The wrong man for this moment? The online communications director for the now-defunct campaign writes that the strategists were expecting a more exciting candidate to return from China.

The Huntsman campaign's online communications director, James Richardson, comes clean today about one of their operation's greatest miscalculations: they thought the candidate they were building their campaign around was going to be more exciting than he turned out to be.

The candidate's well-documented branding challenges, Richardson writes in The Atlantic, boiled down to his personality:

The real problem was that the campaign had been choreographed without the candidate. Aides to the now-defunct Huntsman campaign pledged even before the principal, hoping a robust organization might compel the still-jet lagged ambassador to take the plunge against his former boss.

The grand pageantry and promise of Huntsman's June launch -- staged in the shadow of Lady Liberty, as campaign surrogates were trained to say -- dwarfed the subdued, conciliatory tone the candidate struck.

In truth, the power of personality that once vaulted Obama from primary underdog to president factored greatly into the Huntsman calculus.

The contours of Huntsman's bid were drawn as though he was the Republican counter to Obama. And in the most shallow of senses, he was: In him was a young, telegenic pol sporting the fiscally conservative credentials of Paul Ryan and the globetrotting of Henry Kissinger.

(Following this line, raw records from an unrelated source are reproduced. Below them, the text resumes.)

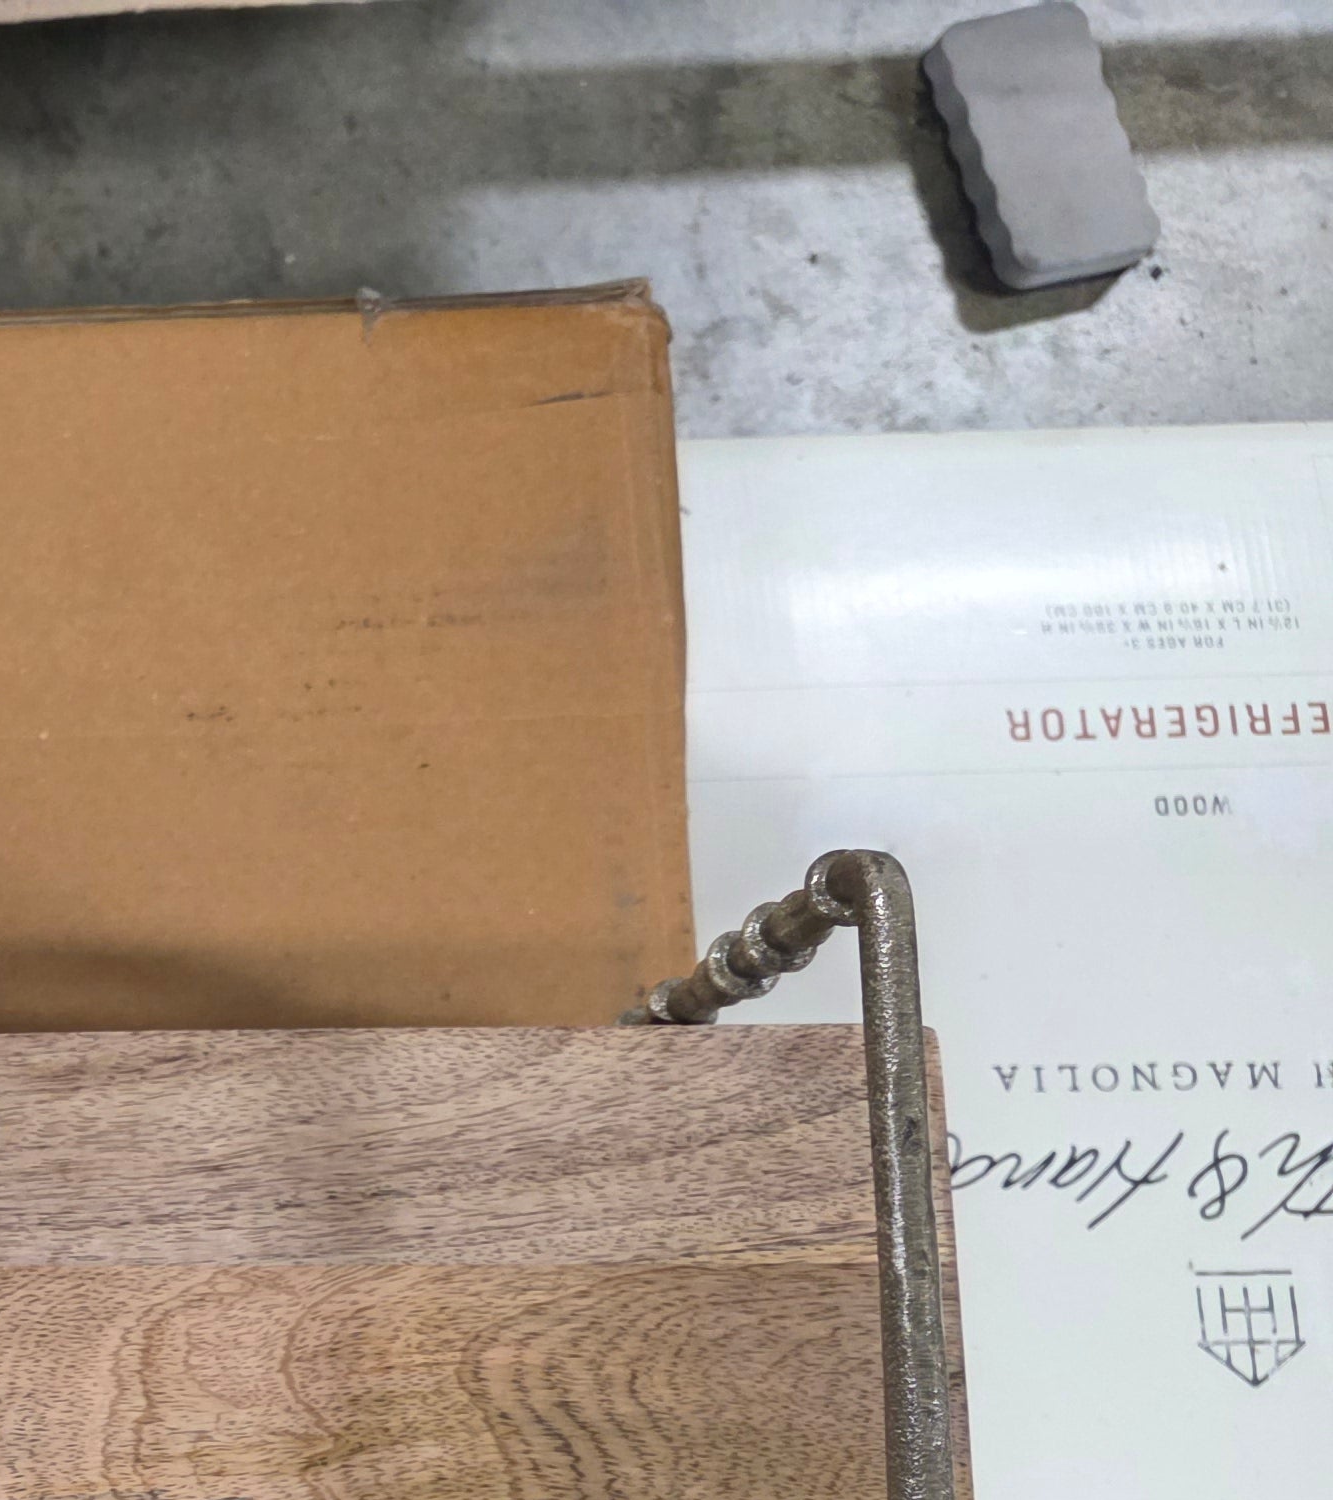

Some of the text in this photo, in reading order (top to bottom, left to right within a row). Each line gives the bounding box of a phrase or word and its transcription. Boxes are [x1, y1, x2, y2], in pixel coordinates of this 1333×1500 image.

[1147, 637, 1186, 649] AGES
[1195, 636, 1224, 648] FOR
[1154, 793, 1233, 817] WOOD
[993, 1061, 1282, 1094] MAGNOLIA
[1188, 1128, 1248, 1221] &

But whereas the president quickened the progressive pulse with saber rattling on Republican union-busting or the dissolution of entitlements, Huntsman refused to likewise rally activists of his party. Some might say he had a clinical aversion to pandering.

Much has been written in Huntsman campaign post-mortems about how his strategists misread the political moment that would be 2012. But Richardson, crucially, adds that the campaign -- which was built before their candidate even returned from China -- also misread the man himself: where they expected a Republican Obama, they got a jet-lagged diplomat who never quite seemed to fully wake up.

I noticed the same lack of vivaciousness when I met him shortly before he resigned his post in Beijing. From my obituary of the campaign, published yesterday:

He was slender, well-coiffed, and wearing a plaid shirt that quite consciously walked the line between Urban Outfitters and L.L. Bean -- a persona he would later polish on the campaign trail. He spoke so softly at times that my recorder didn’t pick up his voice, which was fine because most of the time he wasn’t directly answering my questions anyway.